Asclepio (Esculapio para los romanos) es un personaje que me atrae, y no es para menos, pues conocía el secreto de la resurrección de los muertos. Y habrá que reconocer que ése no es un secreto menor. Además, intuyo que en los misteriosos ritos que en su honor tenían lugar en Epidauro se cocía algo sumamente apetitoso y peligroso. Su santuario se convirtió en el centro de estudios médicos más grande del mundo clásico. Allí estudiaban los “asclepíadas” o sucesores de Asclepio, entre los cuales se suele mencionar a Hipócrates, que algunos afirman que fue descendiente directo del dios.
Sí, del dios.
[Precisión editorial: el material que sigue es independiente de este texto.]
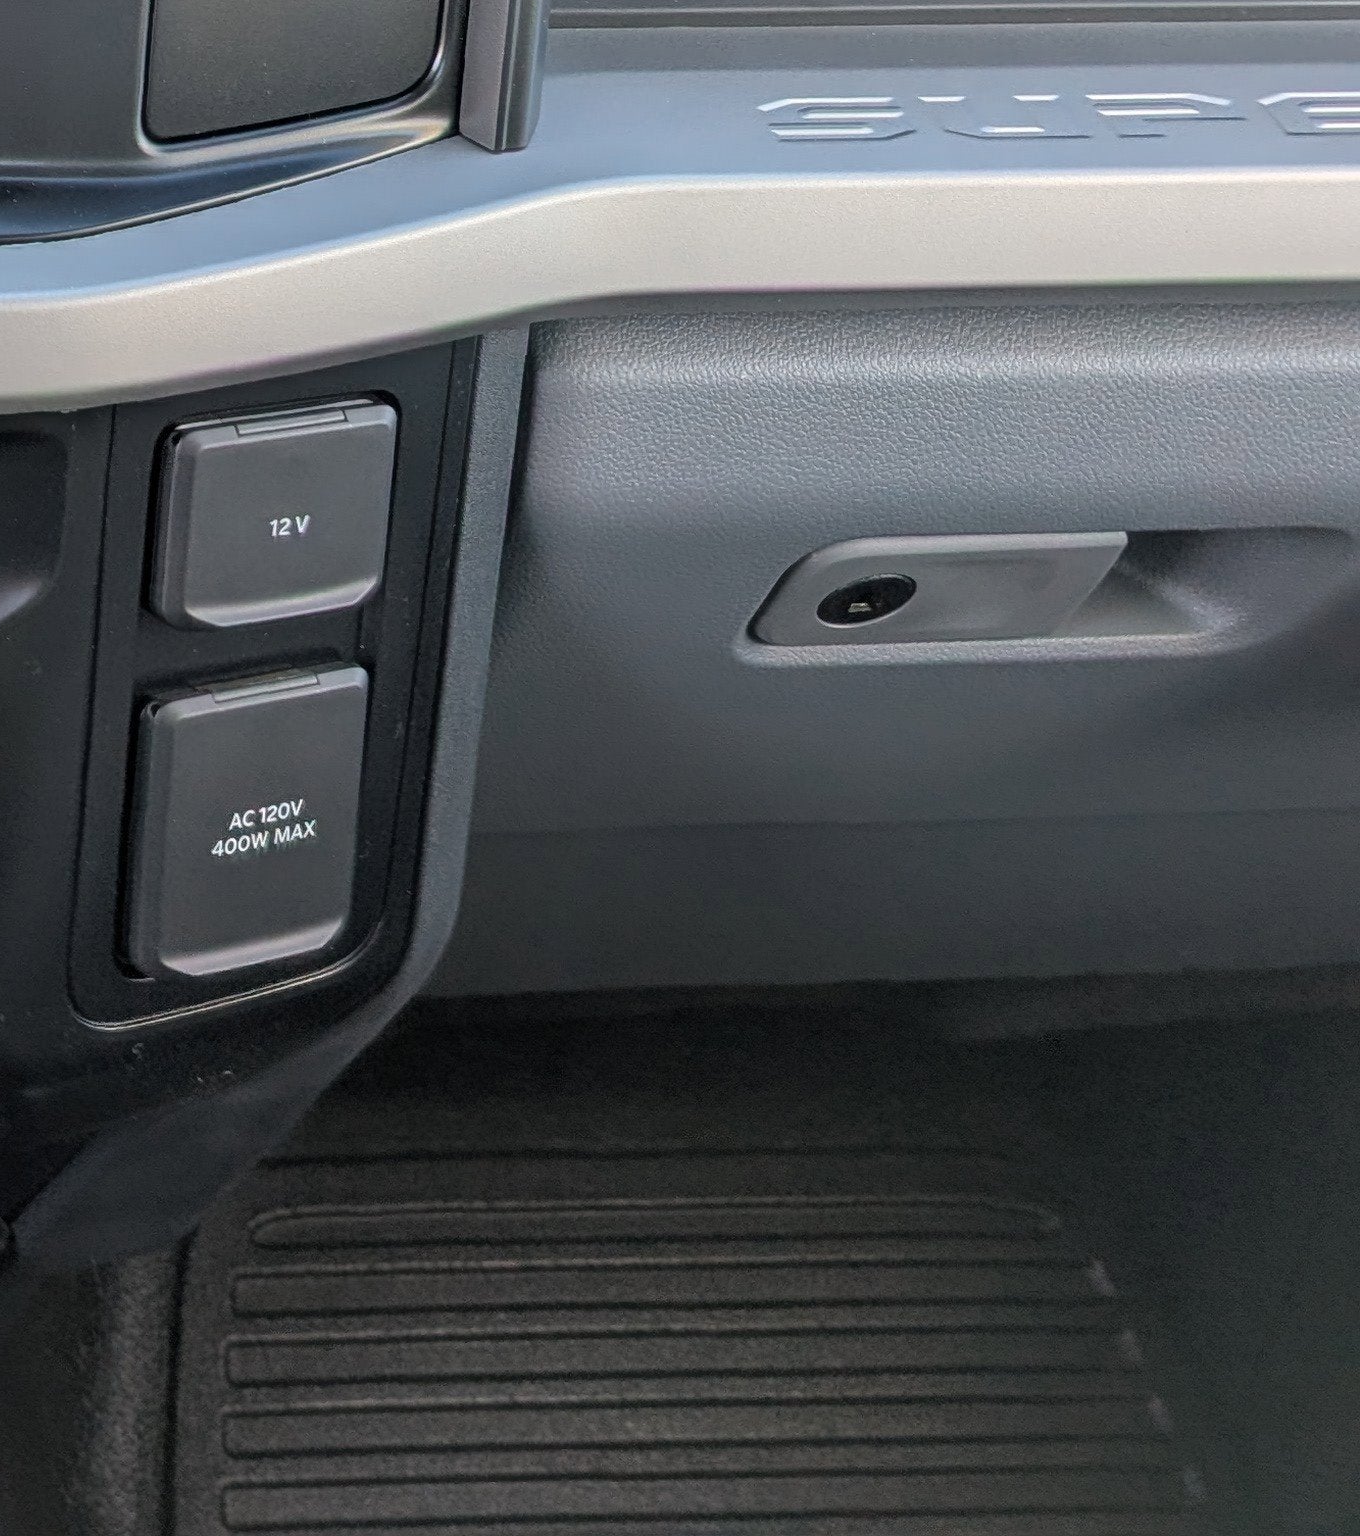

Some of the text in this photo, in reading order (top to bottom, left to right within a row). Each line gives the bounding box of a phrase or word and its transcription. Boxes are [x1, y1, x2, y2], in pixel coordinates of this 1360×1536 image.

Pues hete aquí que Asclepio no era un tipo cualquiera, sino hijo de Apolo y de la mortal Koronis. Una versión del suceso incluye el abandono del niño a su suerte, siendo alimentado por un pastor de cabras llamado Arestanas, quien, no obstante, se asustó al ver la aureola que rodeaba al pequeño, pues estimó con buen criterio que aquel bebé era cosa de los dioses.
A Asclepio lo educará en las artes, yo diría mágicas mientras la mitología habla de médicas, el centauro Quirón. Y perfeccionó su sabiduría de tal modo que alcanzó el poder de resucitar a los muertos, práctica que no le hizo ninguna gracia a Zeus, que primero lo deificó y luego lo mató con un rayo, para desesperación de Apolo.
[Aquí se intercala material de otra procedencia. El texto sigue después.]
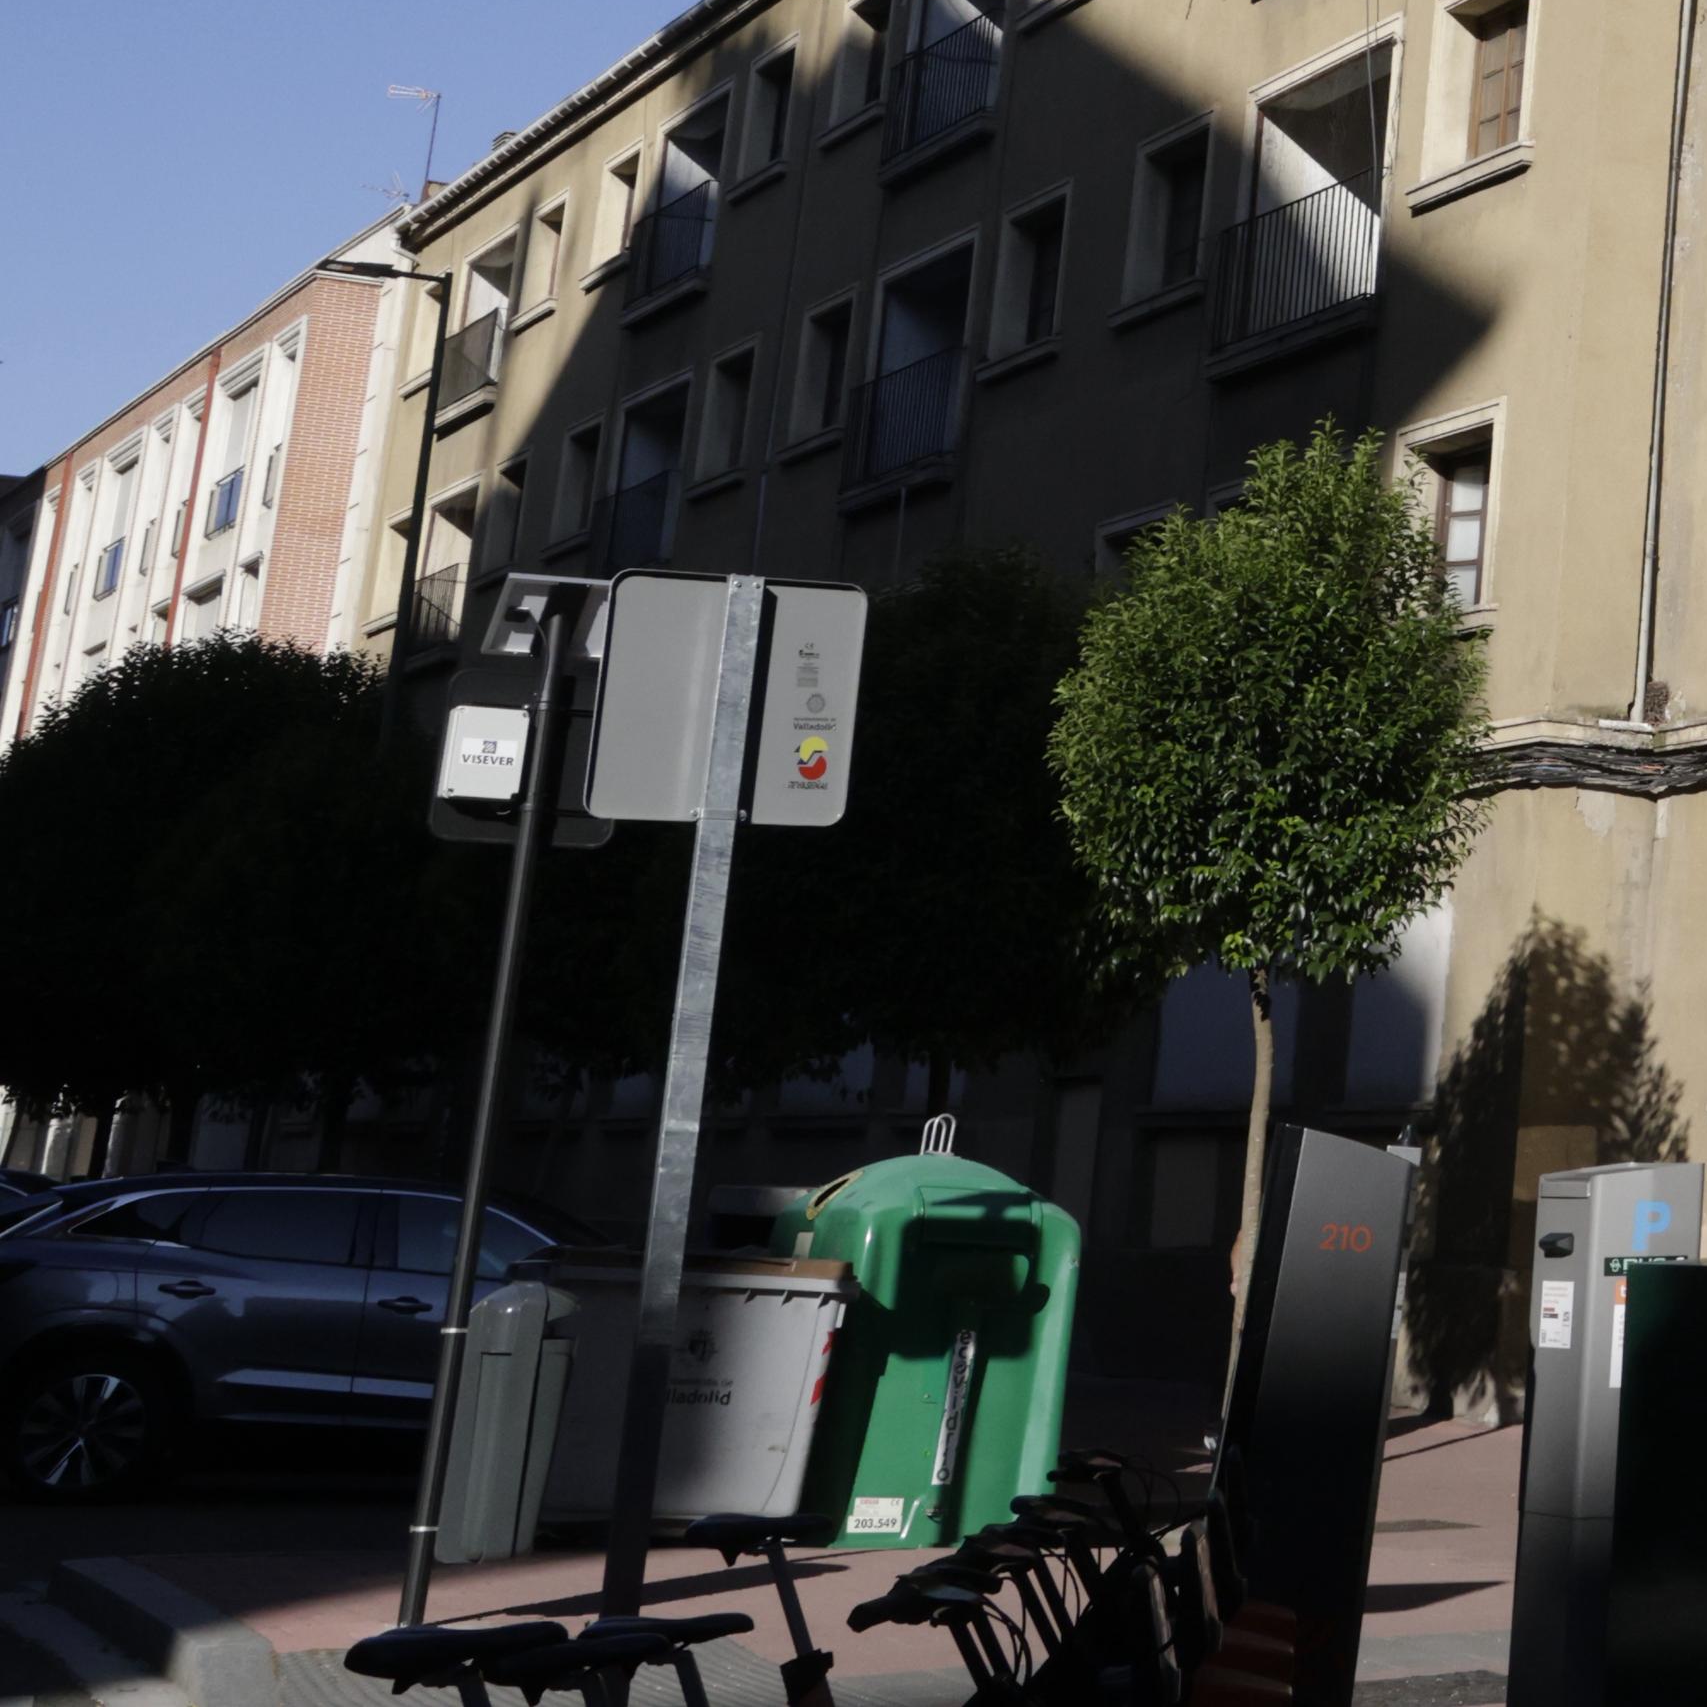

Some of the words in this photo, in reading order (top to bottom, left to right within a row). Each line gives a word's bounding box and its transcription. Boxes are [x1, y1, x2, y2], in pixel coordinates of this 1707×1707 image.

[461, 753, 514, 766] VISEVER
[1631, 1199, 1672, 1252] P
[1317, 1222, 1374, 1254] 210
[666, 1389, 732, 1406] lladolid
[854, 1518, 898, 1529] 203.549
Explorando el Peloponeso en cierta ocasión, me demoré en las ruinas de su santuario, que incluye también el impecable teatro diseñado por Policleto el Joven a finales del siglo IV a.C. y que tiene una acústica tan perfecta que asombra. En él se representaban obras con motivo de los rituales a Asclepio, de igual modo que se celebraban festivales en su honor cada cuatro años en el estadio que forma parte del complejo.
Presumo que los manantiales del lugar jugaban un papel importante tanto a nivel terapéutico como en los ritos que oficiaban los sacerdotes consagrados al dios. Pero, lamentablemente, me fui de allí sin descubrir el secreto de la resurrección de los muertos.